Output the data below exactly, images excluded.

-------- Extracted material

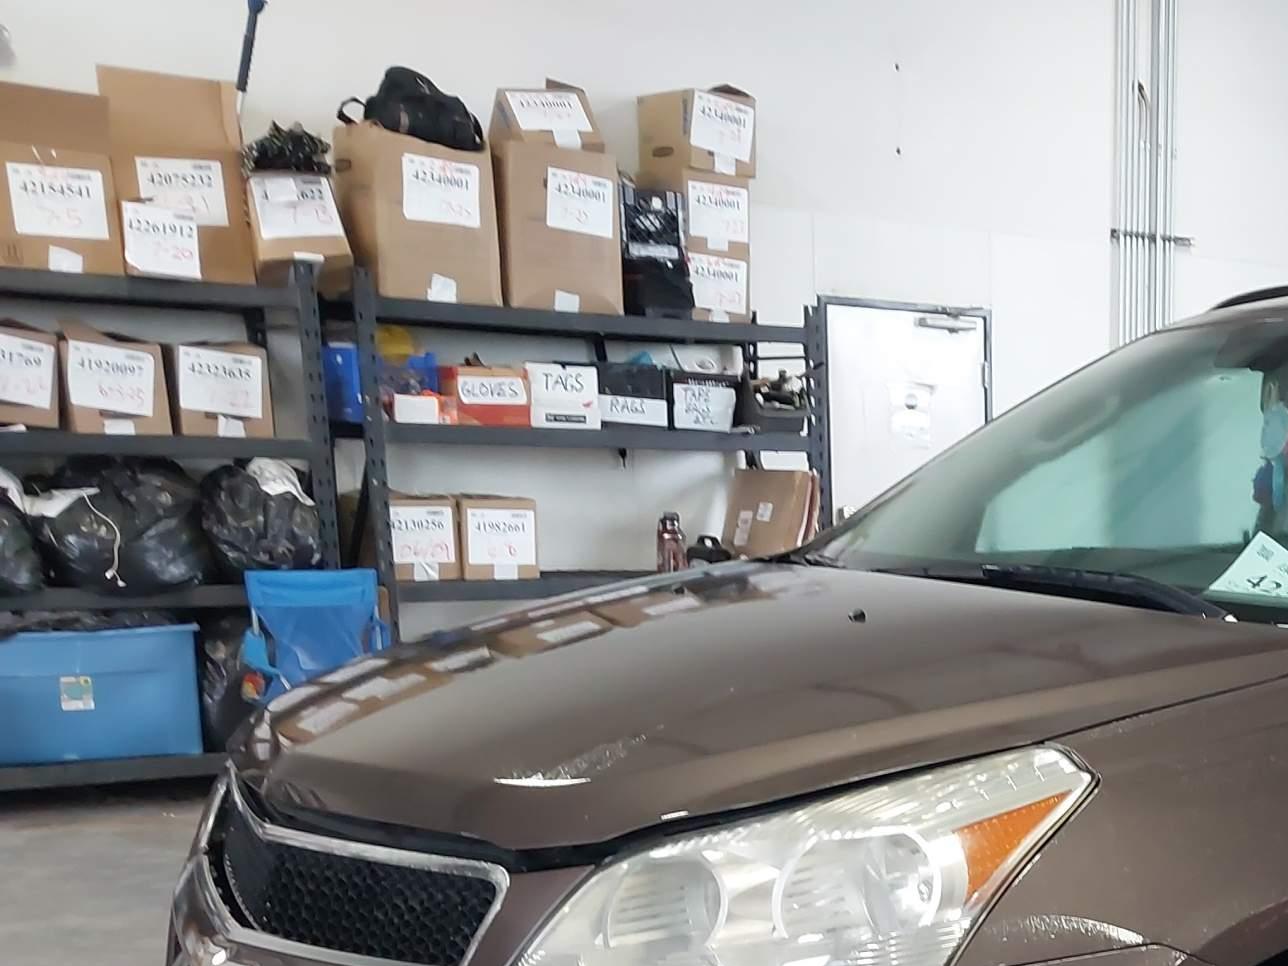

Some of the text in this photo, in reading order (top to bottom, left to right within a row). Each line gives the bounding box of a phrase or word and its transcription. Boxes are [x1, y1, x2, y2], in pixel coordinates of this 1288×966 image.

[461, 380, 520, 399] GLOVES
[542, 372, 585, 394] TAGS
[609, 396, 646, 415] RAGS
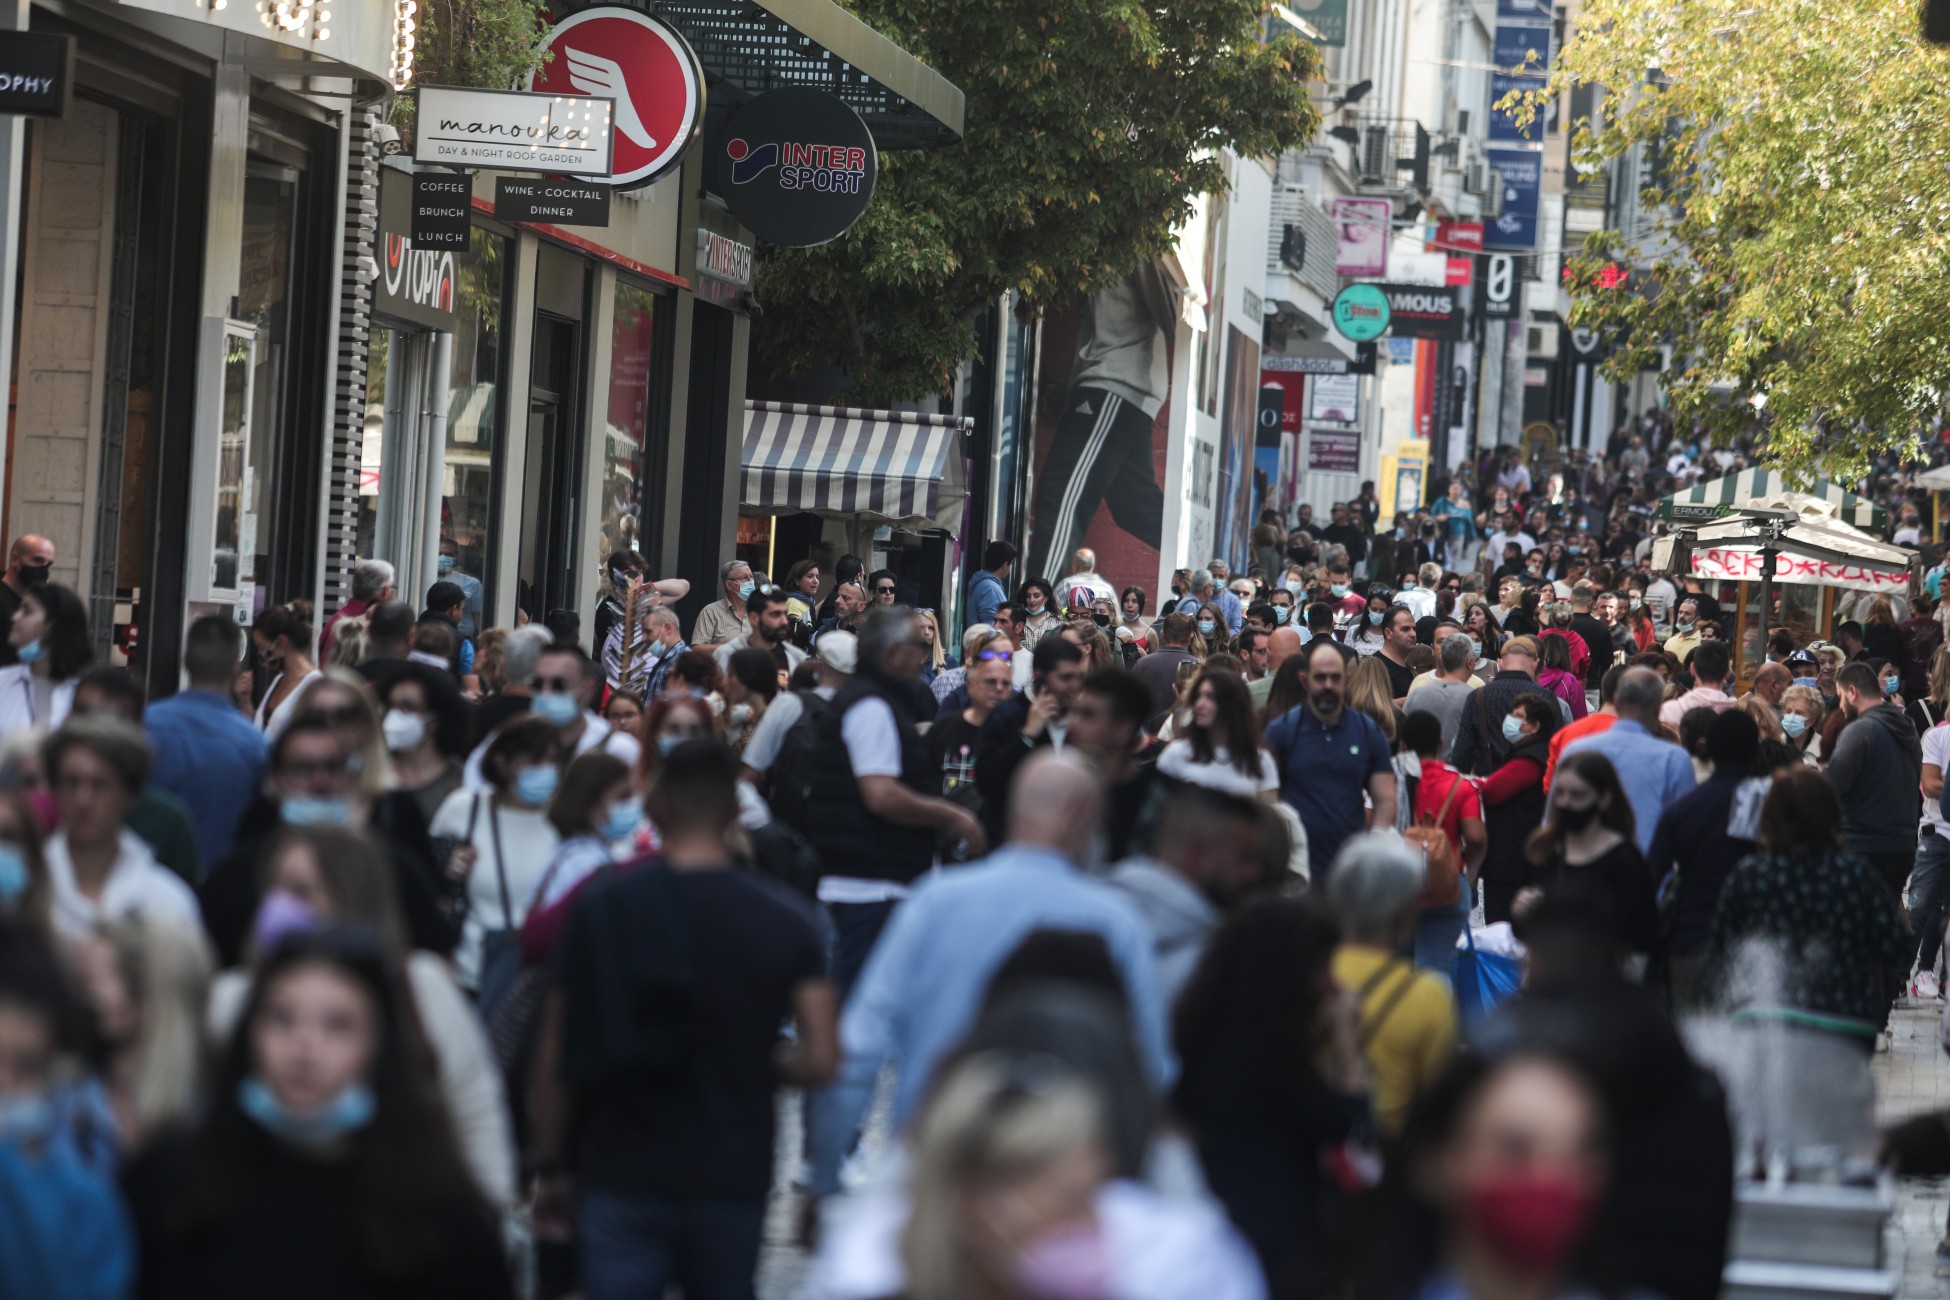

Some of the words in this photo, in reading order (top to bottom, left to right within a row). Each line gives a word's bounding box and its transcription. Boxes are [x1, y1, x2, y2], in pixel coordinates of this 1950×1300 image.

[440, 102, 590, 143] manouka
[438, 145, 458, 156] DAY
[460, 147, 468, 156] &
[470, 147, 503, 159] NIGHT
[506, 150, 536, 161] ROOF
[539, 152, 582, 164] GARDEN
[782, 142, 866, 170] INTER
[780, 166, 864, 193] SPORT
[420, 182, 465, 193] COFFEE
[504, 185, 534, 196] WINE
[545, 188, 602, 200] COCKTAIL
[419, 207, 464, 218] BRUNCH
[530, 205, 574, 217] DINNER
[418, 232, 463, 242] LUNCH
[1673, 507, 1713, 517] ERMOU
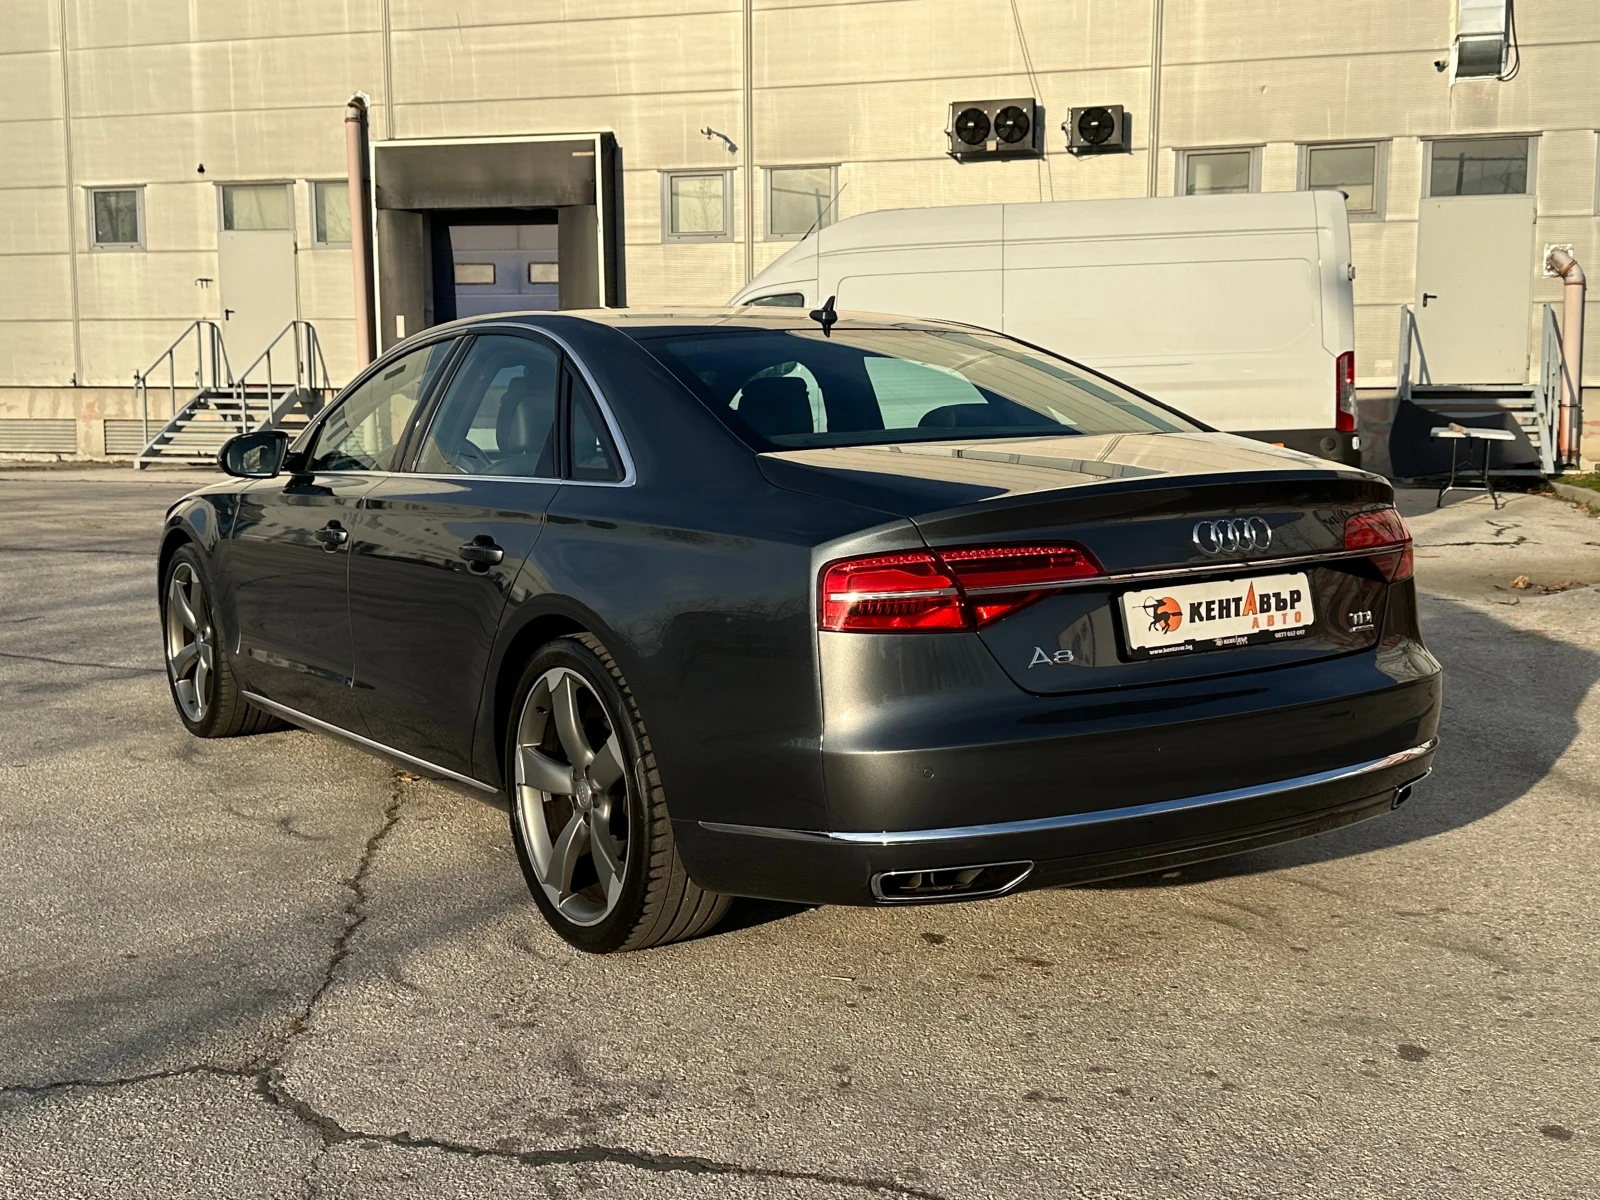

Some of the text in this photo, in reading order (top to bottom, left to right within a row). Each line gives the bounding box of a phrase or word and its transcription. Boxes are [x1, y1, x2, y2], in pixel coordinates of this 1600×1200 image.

----------------

■ Response below
Some of the text in this photo, in reading order (top to bottom, left to right within a row). Each line gives the bounding box of a phrase or word and its transcription. Boxes are [x1, y1, x2, y2], in pixel coordinates of this 1288×966 image.

[461, 380, 520, 399] GLOVES
[542, 372, 585, 394] TAGS
[609, 396, 646, 415] RAGS

Some of the words in this photo, in reading order (top to bottom, left to right within a row). Each line gives a word's bounding box and its transcription. Boxes are [x1, y1, x2, y2], in pixel coordinates of this 1950×1300 image.

[440, 102, 590, 143] manouka
[438, 145, 458, 156] DAY
[460, 147, 468, 156] &
[470, 147, 503, 159] NIGHT
[506, 150, 536, 161] ROOF
[539, 152, 582, 164] GARDEN
[782, 142, 866, 170] INTER
[780, 166, 864, 193] SPORT
[420, 182, 465, 193] COFFEE
[504, 185, 534, 196] WINE
[545, 188, 602, 200] COCKTAIL
[419, 207, 464, 218] BRUNCH
[530, 205, 574, 217] DINNER
[418, 232, 463, 242] LUNCH
[1673, 507, 1713, 517] ERMOU

Some of the text in this photo, in reading order (top to bottom, left to right within a row). Each line gives the bounding box of a phrase or word and its transcription. Boxes are [x1, y1, x2, y2], in pixel coordinates of this 1600×1200 image.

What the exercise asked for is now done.